▸ **Provided data**:
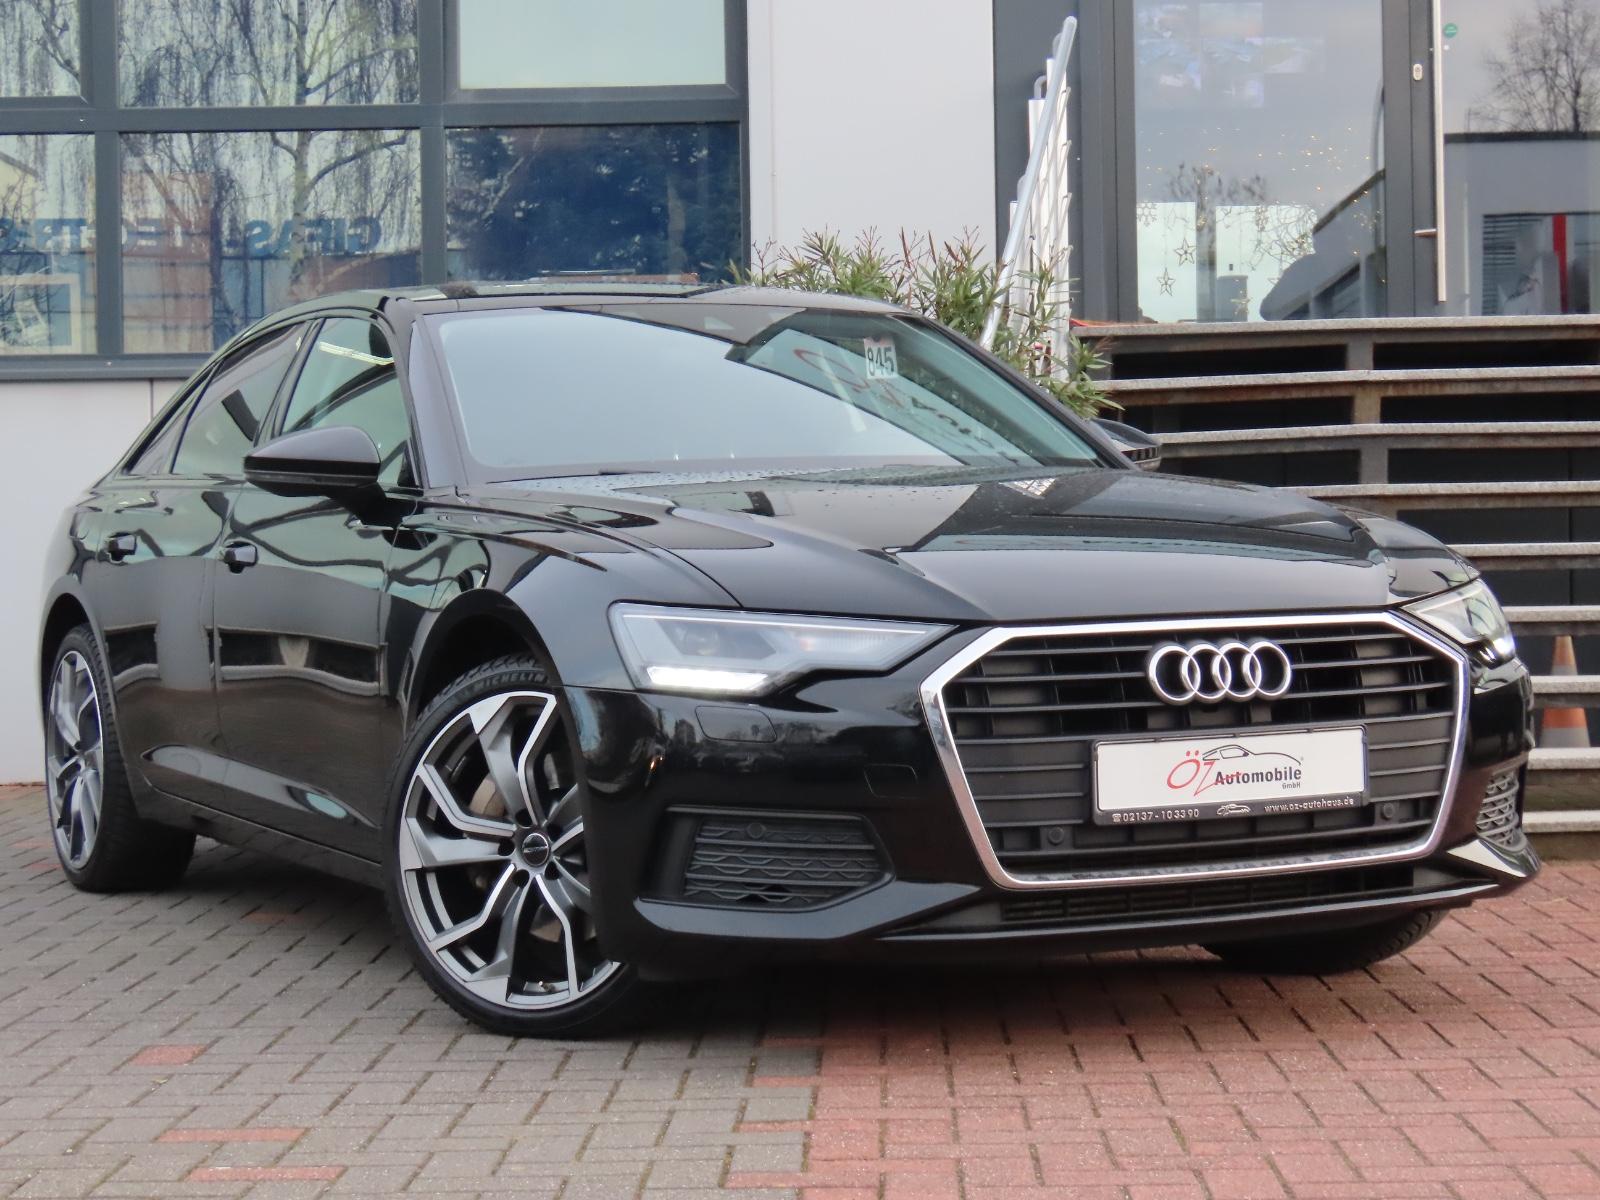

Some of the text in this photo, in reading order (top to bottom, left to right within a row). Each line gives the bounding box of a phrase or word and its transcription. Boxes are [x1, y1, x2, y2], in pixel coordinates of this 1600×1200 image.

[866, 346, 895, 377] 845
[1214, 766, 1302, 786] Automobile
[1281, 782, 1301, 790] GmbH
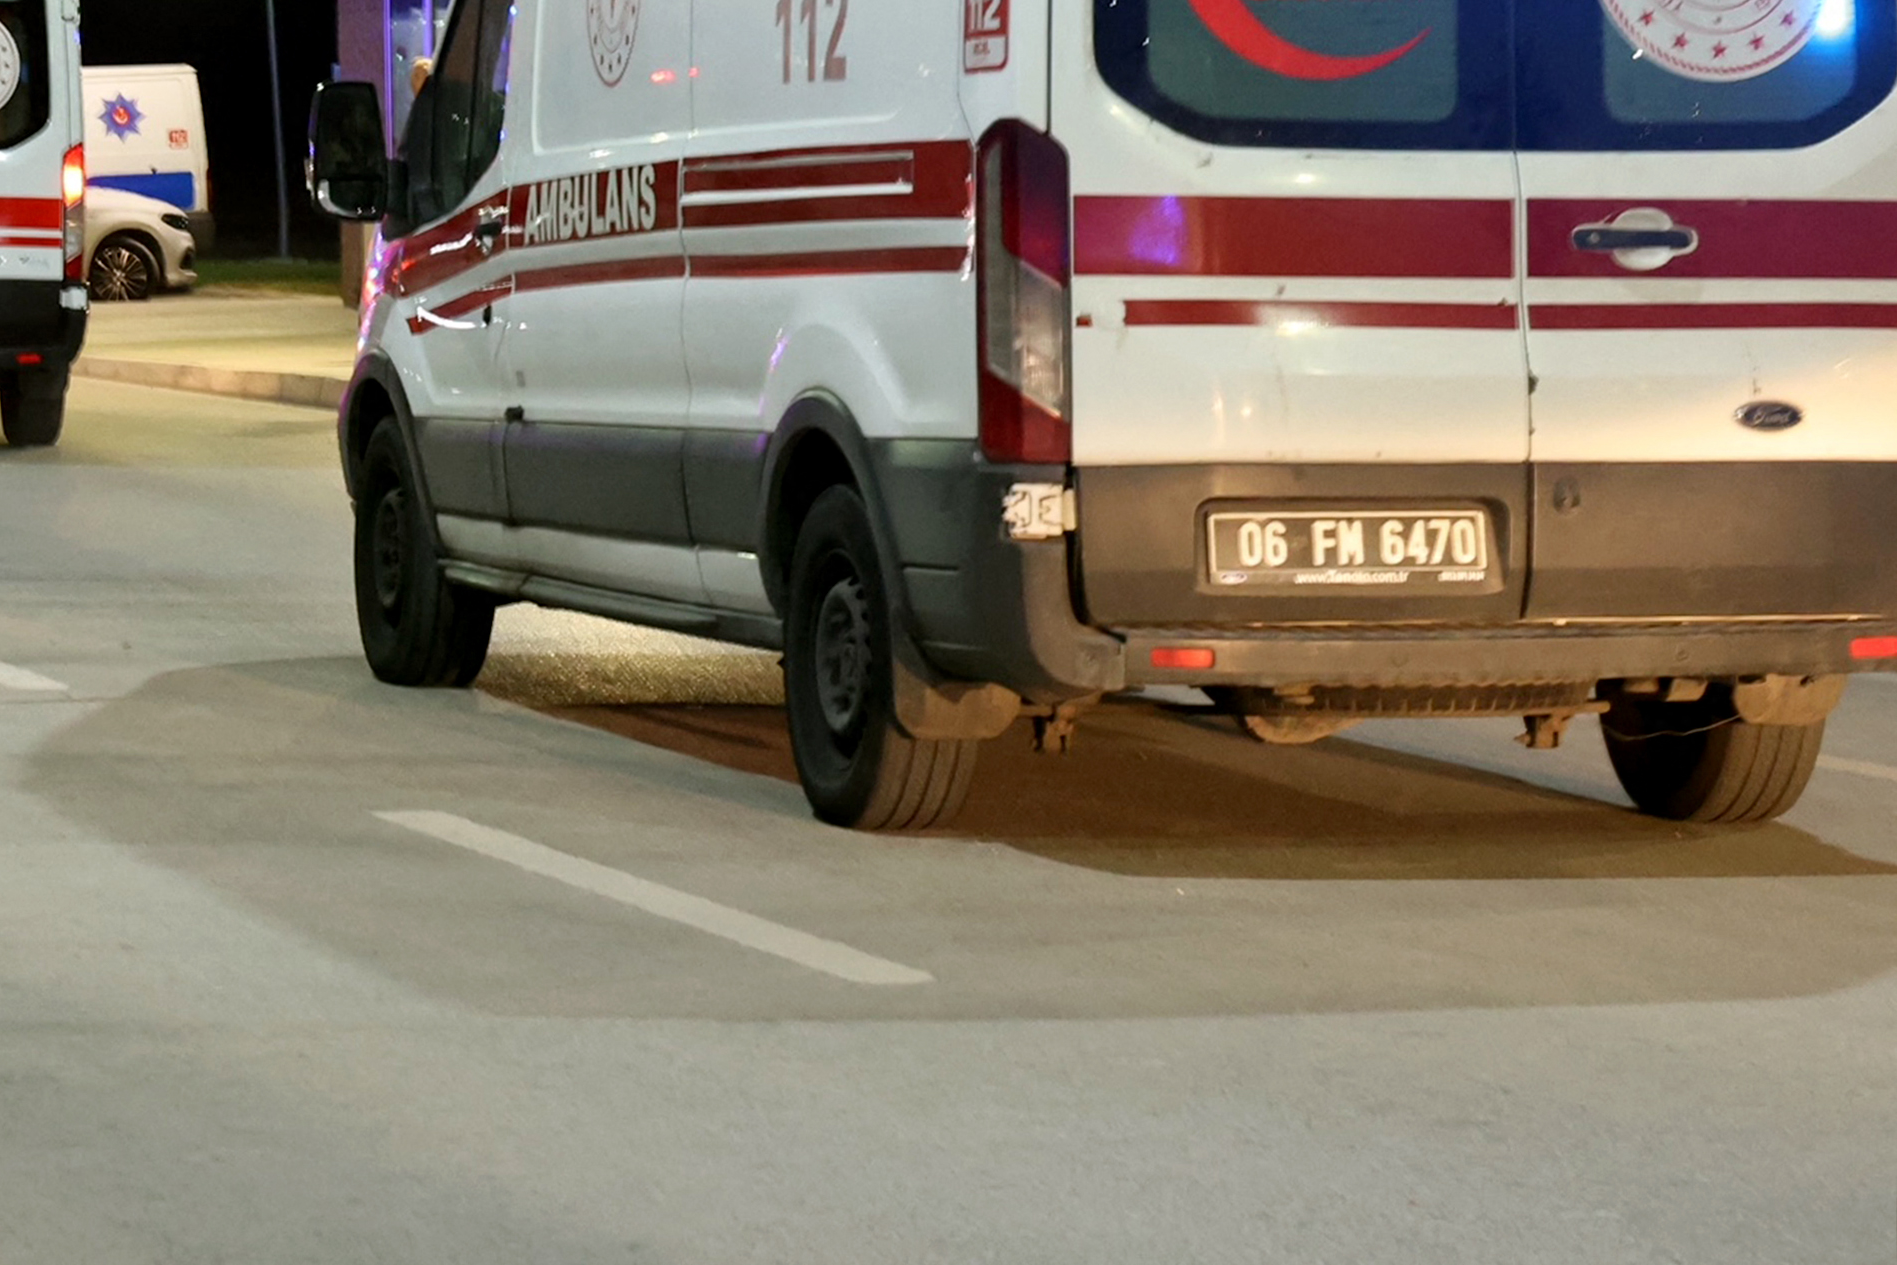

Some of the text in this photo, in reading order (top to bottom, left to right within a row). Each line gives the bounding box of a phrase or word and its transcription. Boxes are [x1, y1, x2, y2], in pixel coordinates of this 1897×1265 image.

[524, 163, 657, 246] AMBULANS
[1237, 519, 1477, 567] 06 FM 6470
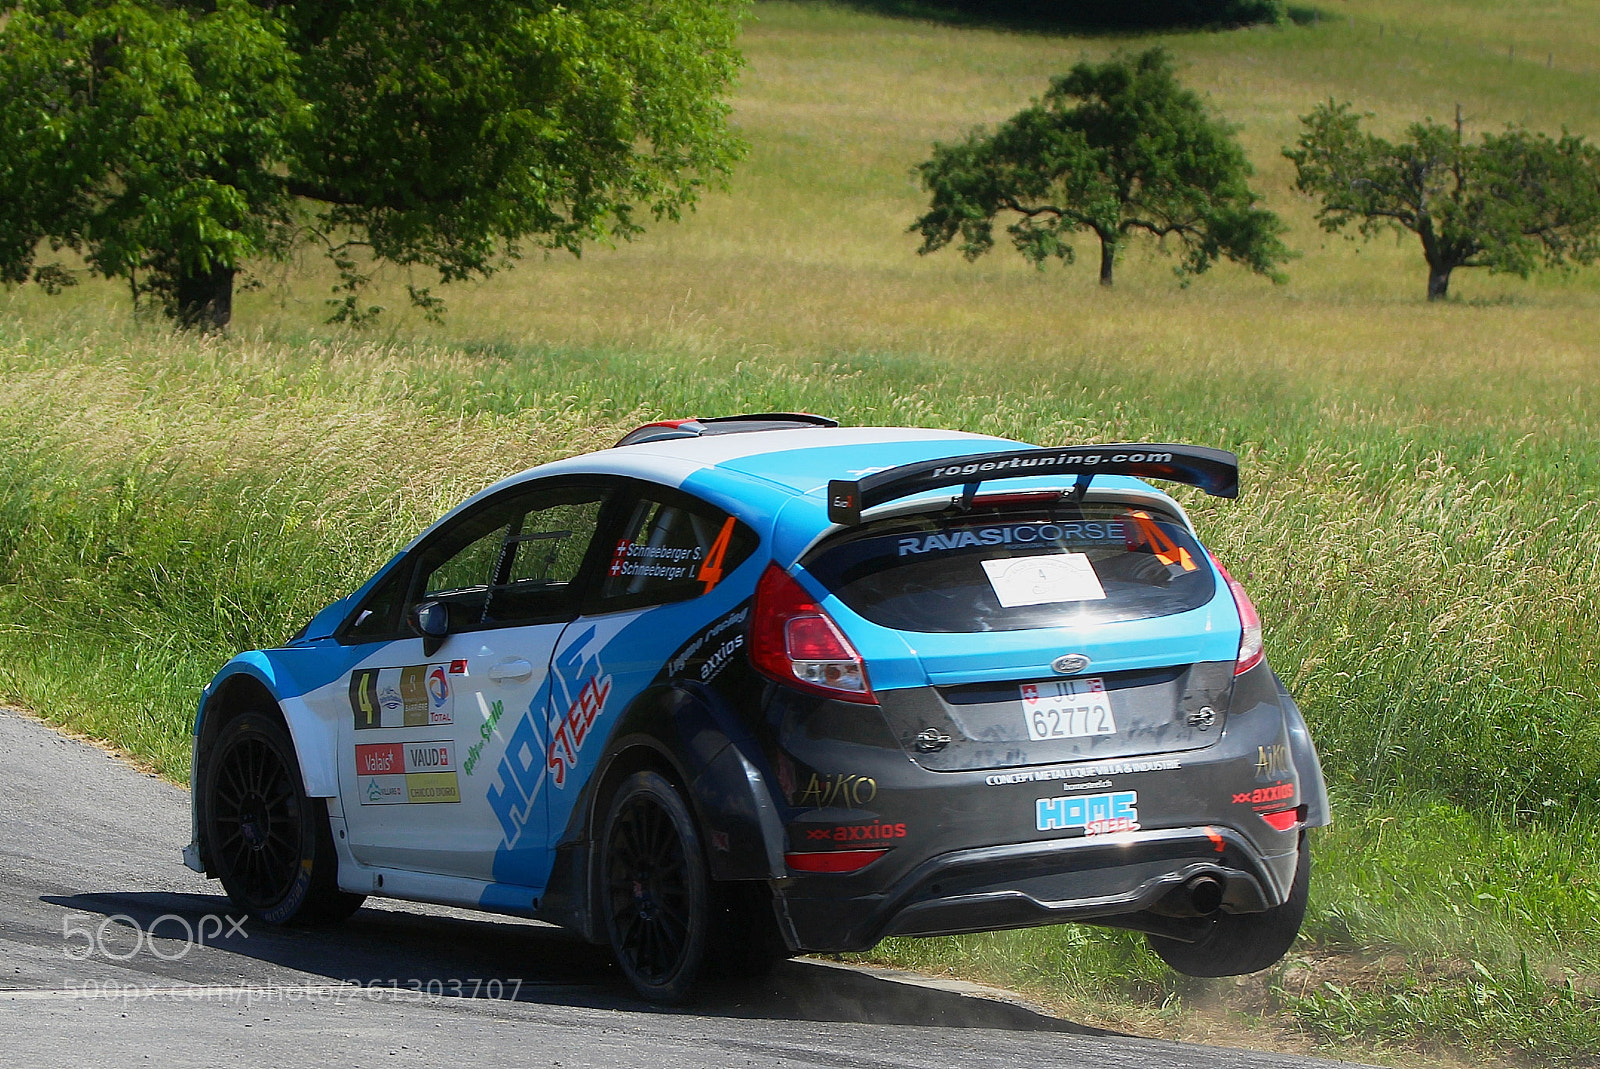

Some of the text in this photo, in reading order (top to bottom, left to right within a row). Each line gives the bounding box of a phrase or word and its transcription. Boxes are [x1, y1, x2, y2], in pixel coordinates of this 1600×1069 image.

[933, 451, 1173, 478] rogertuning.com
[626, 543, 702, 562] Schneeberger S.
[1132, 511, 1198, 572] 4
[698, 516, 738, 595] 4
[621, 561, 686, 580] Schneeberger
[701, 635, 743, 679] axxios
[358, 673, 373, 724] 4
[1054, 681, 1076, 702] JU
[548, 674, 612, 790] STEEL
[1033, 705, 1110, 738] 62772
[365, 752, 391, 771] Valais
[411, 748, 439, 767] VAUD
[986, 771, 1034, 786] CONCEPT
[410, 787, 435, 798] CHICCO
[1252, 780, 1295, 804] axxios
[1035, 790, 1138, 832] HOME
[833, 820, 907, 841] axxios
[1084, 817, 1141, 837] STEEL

▸ **Task to carry out**:
Whenever a picture appears in the listing, leave it out; copy everything else exactly.

▸ **Exercise output**:
Some of the text in this photo, in reading order (top to bottom, left to right within a row). Each line gives the bounding box of a phrase or word and its transcription. Boxes are [x1, y1, x2, y2], in pixel coordinates of this 1600×1200 image.

[866, 346, 895, 377] 845
[1214, 766, 1302, 786] Automobile
[1281, 782, 1301, 790] GmbH

Some of the text in this photo, in reading order (top to bottom, left to right within a row). Each line gives the bounding box of a phrase or word and its transcription. Boxes are [x1, y1, x2, y2], in pixel coordinates of this 1897×1265 image.

[524, 163, 657, 246] AMBULANS
[1237, 519, 1477, 567] 06 FM 6470

Some of the text in this photo, in reading order (top to bottom, left to right within a row). Each line gives the bounding box of a phrase or word and its transcription. Boxes are [x1, y1, x2, y2], in pixel coordinates of this 1600×1069 image.

[933, 451, 1173, 478] rogertuning.com
[626, 543, 702, 562] Schneeberger S.
[1132, 511, 1198, 572] 4
[698, 516, 738, 595] 4
[621, 561, 686, 580] Schneeberger
[701, 635, 743, 679] axxios
[358, 673, 373, 724] 4
[1054, 681, 1076, 702] JU
[548, 674, 612, 790] STEEL
[1033, 705, 1110, 738] 62772
[365, 752, 391, 771] Valais
[411, 748, 439, 767] VAUD
[986, 771, 1034, 786] CONCEPT
[410, 787, 435, 798] CHICCO
[1252, 780, 1295, 804] axxios
[1035, 790, 1138, 832] HOME
[833, 820, 907, 841] axxios
[1084, 817, 1141, 837] STEEL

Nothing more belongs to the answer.